When the ride gets rough, it may require tough business decisions. Rob was faced with such a decision six years ago and reacted by strategically expanding his company in a direction that has paid dividends for Pasadena Skid.
More recently, in its continuing efforts for efficiency in production, the company invested in a new Pacific Trail crosscut unit saw – the first new machine purchased at Pasadena Skid. The Pacific Trail system is helping the company remanufacture hardwood cants and low-grade lumber faster and more efficiently.
Pasadena Skid is owned by Rob, Tom Orr and Tom Thrash; the latter two men also are co-owners of WNC Pallet and Forest Products in Candler, N. C. Pasadena Skid is situated on seven acres of land and has 100,000 square feet under roof, with some space leased to a tenant business. With 42 employees, the company manufactures, recycles and supplies a diverse range of pallets and containers and related products. "We produce many types of products," explained Rob, "including crating, bulkheads, recycled boxes, new and recycled pallets, cut to size plywood and OSB, and, via Corr Pallet affiliate, corrugated pallets." (A bulkhead, Rob explained, is a wooden fixture that contains the cargo in an ocean-going and other containers.) It manufactures both hardwood and softwood pallets as well as containers and other wood packaging. The company’s cut-up operations produce 40-50,000 board feet of pallet stock and other components daily. It serves customers in the industrial region of southeast Texas that represent such industries as paper, petrochemical and rubber, and also supplies third-party contract packaging businesses.
Rob began his career in the forest product industry, but not the pallet business. He earned a bachelor’s degree in finance from Western Carolina University and then worked for a furniture manufacturer for three years before taking the plunge into home building. Born and raised on a small farm, Rob was not afraid of hard work. In 1979, interest rates were round 21%, the inflation rate was 15%, and unemployment was 14%; the home building industry was dead. "I couldn’t even find a deck to build," he recalled.
About that time, Rob had just completed an addition for his brother-in-law, Tom Orr. Tom offered Rob a management position at WNC, and Rob accepted.
WNC had an opportunity in Pasadena. The company won a contract that created an opportunity for Rob and partners to spin off a separate company. A few months later, Rob and his new bride, Melinda, spent their honeymoon driving to Pasadena, where Rob had recently moved to launch Pasadena Skid and Pallet Inc. in early 1984.

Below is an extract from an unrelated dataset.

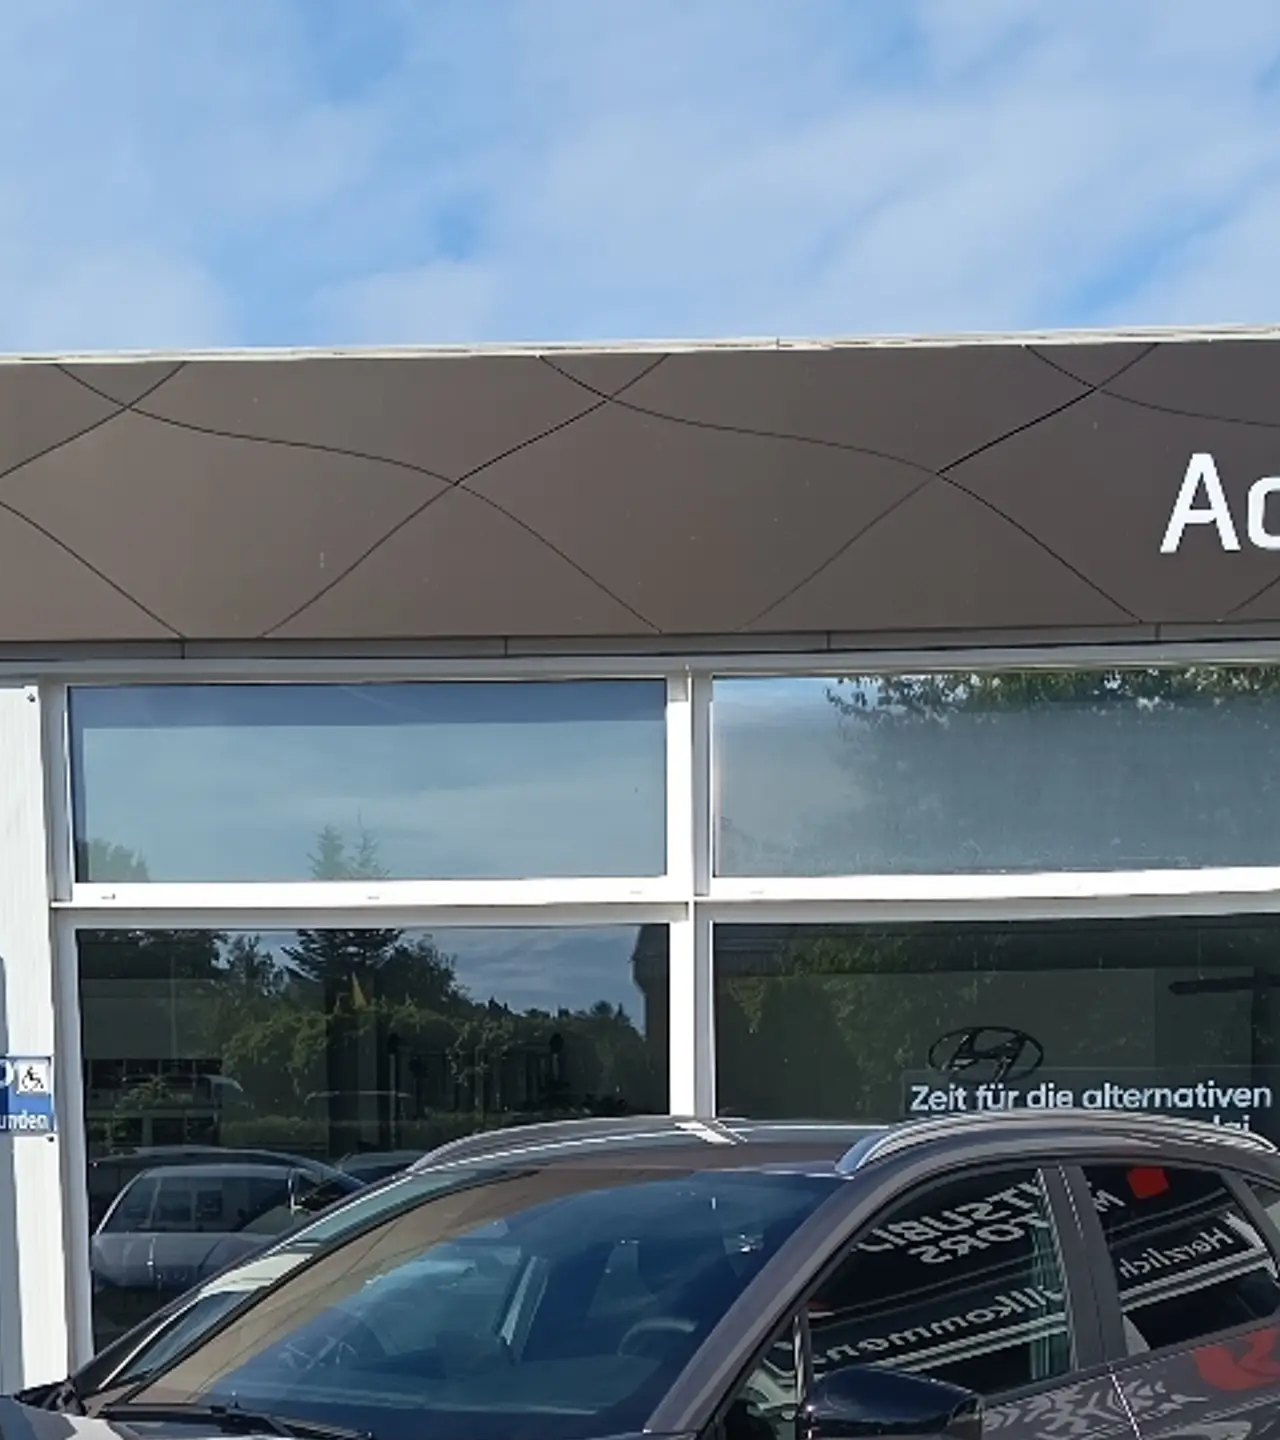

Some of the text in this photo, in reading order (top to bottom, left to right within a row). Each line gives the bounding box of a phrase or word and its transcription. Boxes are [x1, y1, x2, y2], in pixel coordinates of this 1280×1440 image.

[909, 1080, 1273, 1112] Zeit für die alternativen

The company leased a tiny metal building and hired 10-12 employees. It bought low-grade lumber, mainly yellow pine, and remanufactured it into components for skids and pallets, which were assembled by hand with power nailing tools.
The business was struck by a tornado in the first year, and the electrical system was destroyed. "It didn’t totally destroy the building, but it was stressful," Rob recalled. Because the company was located in a high-risk region for tornadoes, the owners had a ‘plan B’ — a generator — in the event that power was knocked out. The generator enabled the company to keep going for about a month and a half. The company soon moved into a 12,000-square-foot building on three acres, a facility that had been under construction when the tornado struck. Since the tornado, Rob advises other business owners to "always have a ‘plan B.’ "
With the business re-established in a new location, Rob began knocking on doors and cold-calling to generate sales. He landed several big contracts with steel and rubber manufacturing plants, and steady growth followed. In its second year, annual sales increased from about $1 million to $2 million.
Word of mouth and Pasadena Skid’s reputation for strong customer service also contributed strongly to the company’s growth, according to Rob. "I will personally get out of bed at two o’clock in the morning and get a product to a customer, which is something I have done many times...That is something some competitors won’t do."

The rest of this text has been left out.